Opposite regulation of deoxyribonucleic acid synthesis and iodide uptake in rat thyroid cells by basic fibroblast growth factor: correlation with opposite regulation of c-fos and thyrotropin receptor gene expression.

Abstract

Basic fibroblast growth factor (bFGF) increases DNA synthesis in rat FRTL-5 thyroid cells, as measured by increased incorporation of tritiated thymidine into DNA. We show that this action is associated with the ability of bFGF to increase cytosolic Ca2+ levels and transiently increase c-fos mRNA levels. Other agents that increase c-fos mRNA levels and DNA synthesis in FRTL-5 cells include TSH, insulin, insulin-like growth factor-I, phorbol esters, A23187, and alpha 1-adrenergic agents; the last two agents also act by increasing cytosolic Ca2+ levels. Despite its enhancement of DNA synthesis, however, bFGF decreases TSH-induced cAMP-mediated iodide uptake.
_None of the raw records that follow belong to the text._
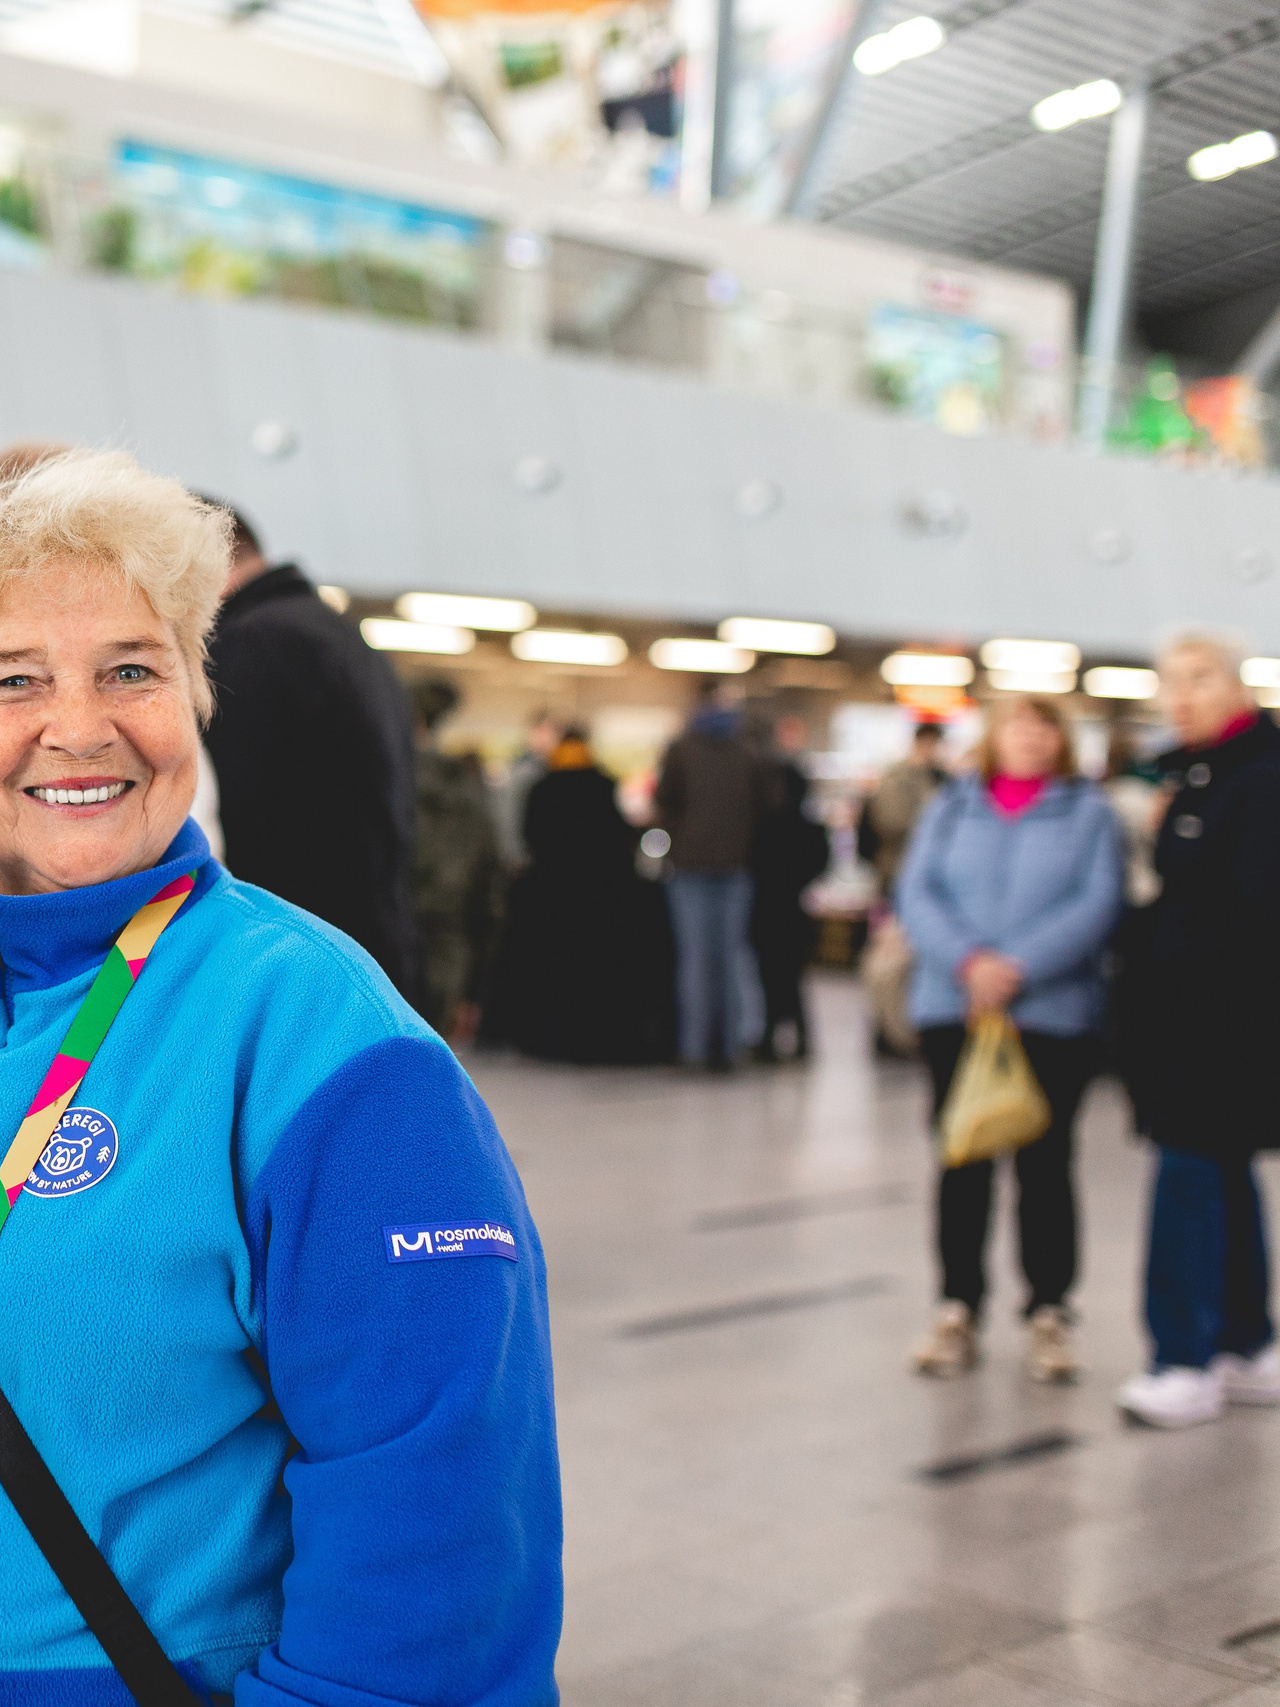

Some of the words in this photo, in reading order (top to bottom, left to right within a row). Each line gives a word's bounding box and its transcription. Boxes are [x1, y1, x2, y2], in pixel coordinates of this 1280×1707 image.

[28, 1169, 40, 1184] RN
[37, 1179, 51, 1190] BY
[52, 1170, 93, 1190] NATURE
[434, 1223, 516, 1246] rosmolodezh
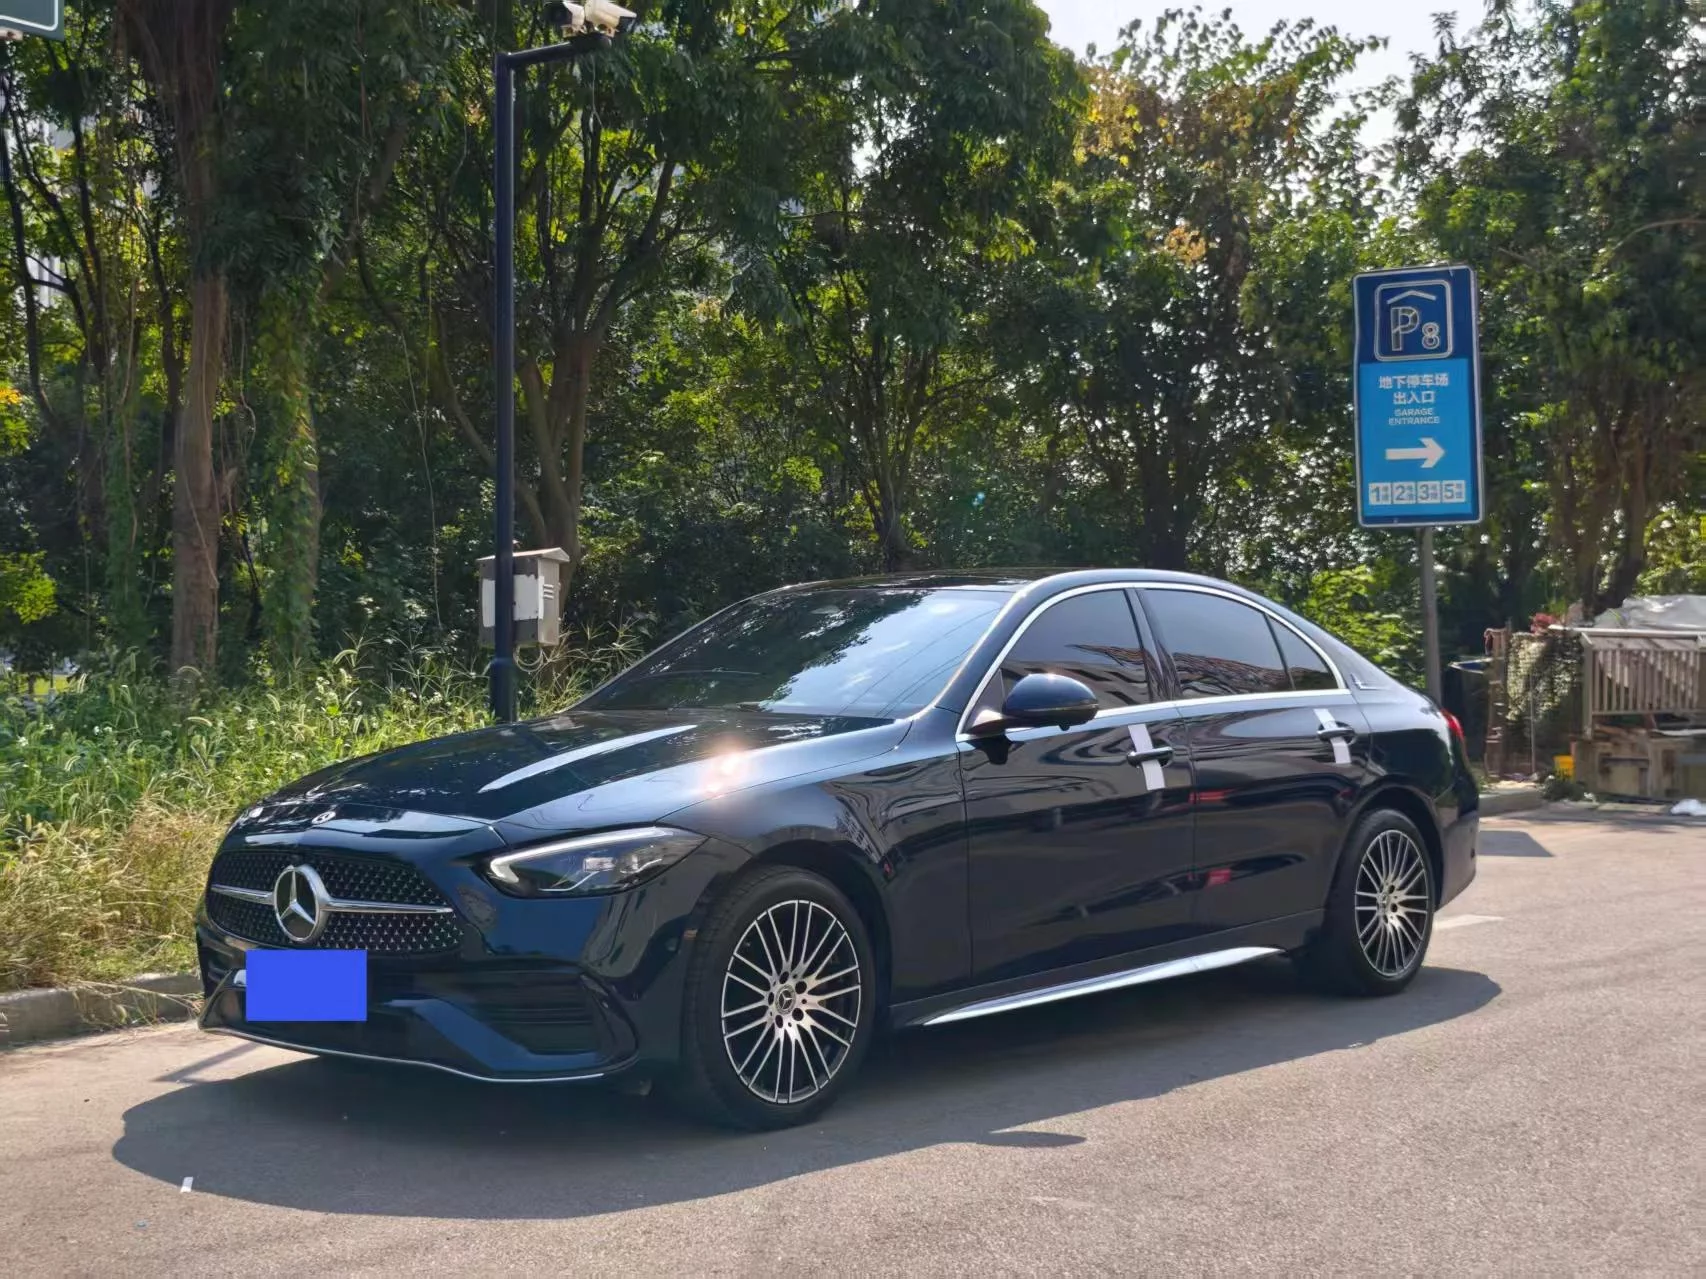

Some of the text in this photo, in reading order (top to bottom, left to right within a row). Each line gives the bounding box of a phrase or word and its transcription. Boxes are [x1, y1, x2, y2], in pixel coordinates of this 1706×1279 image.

[1379, 373, 1449, 389] 地下停车场
[1393, 391, 1435, 405] 出入口
[1394, 408, 1433, 417] GARAGE
[1388, 416, 1440, 426] ENTRANCE
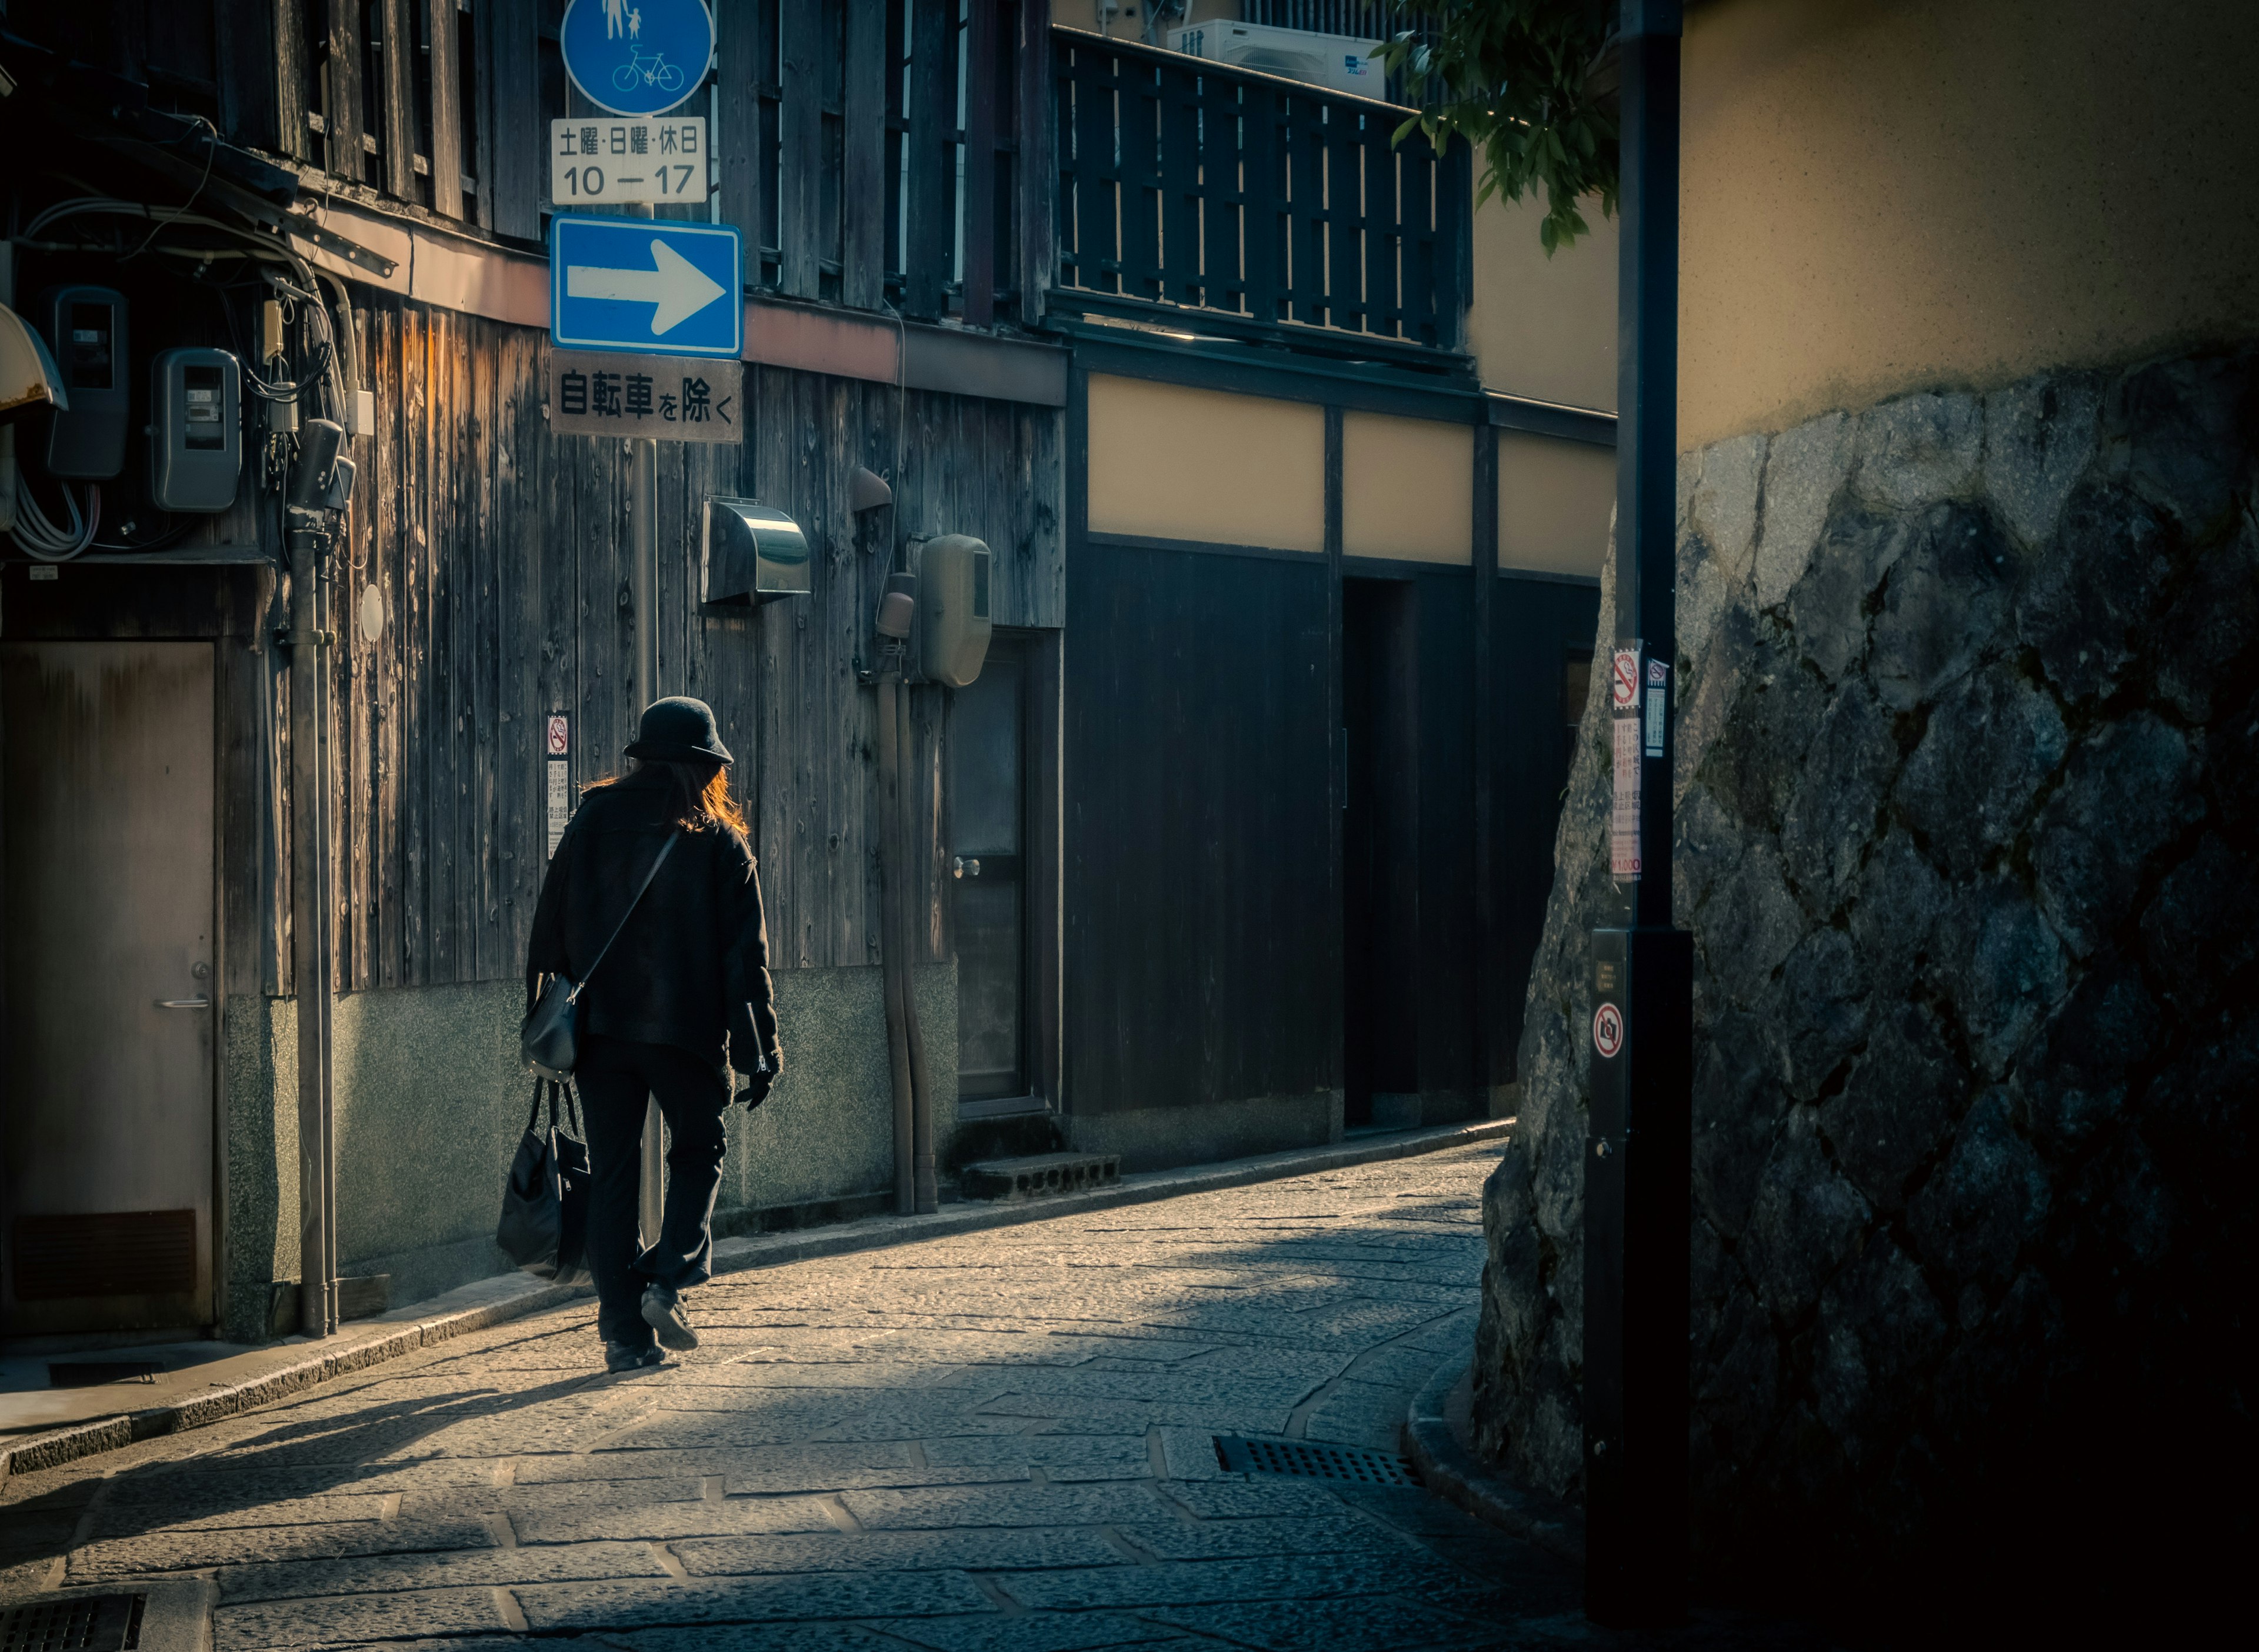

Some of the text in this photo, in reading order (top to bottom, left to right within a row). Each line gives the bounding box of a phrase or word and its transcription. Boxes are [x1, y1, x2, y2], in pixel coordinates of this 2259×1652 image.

[559, 125, 697, 155] 土曜・日曜・休日
[561, 369, 732, 424] 自転車を除く
This action appears to reflect two separate actions of bFGF. First, bFGF decreases TSH receptor mRNA levels and the ability of TSH to acutely increase cAMP levels in FRTL-5 cells. The ability of bFGF to negatively regulate TSH receptor mRNA levels is additive to and independent of the ability of TSH and its cAMP signal to negatively autoregulate TSH receptor mRNA levels. This is consistent with the effect of bFGF on cytosolic Ca2+ levels and the ability of increased cytosolic Ca2+ to decrease TSH receptor mRNA levels. Second, bFGF inhibits cAMP signal expression, as evidenced by its ability to inhibit (Bu)2cAMP-induced iodide uptake in FRTL-5 cells. Both effects are, presumably, associated with the ability of bFGF to counteract TSH/cAMP-induced increases in thyroid peroxidase mRNA levels, which we demonstrate. We suggest, therefore, that bFGF causes opposite effects on DNA synthesis and iodide uptake because of its effect on cytosolic Ca2+ levels and because increases in cytosolic Ca2+ can have opposite effects on gene transcription, particularly in the case of the TSH receptor and c-fos genes.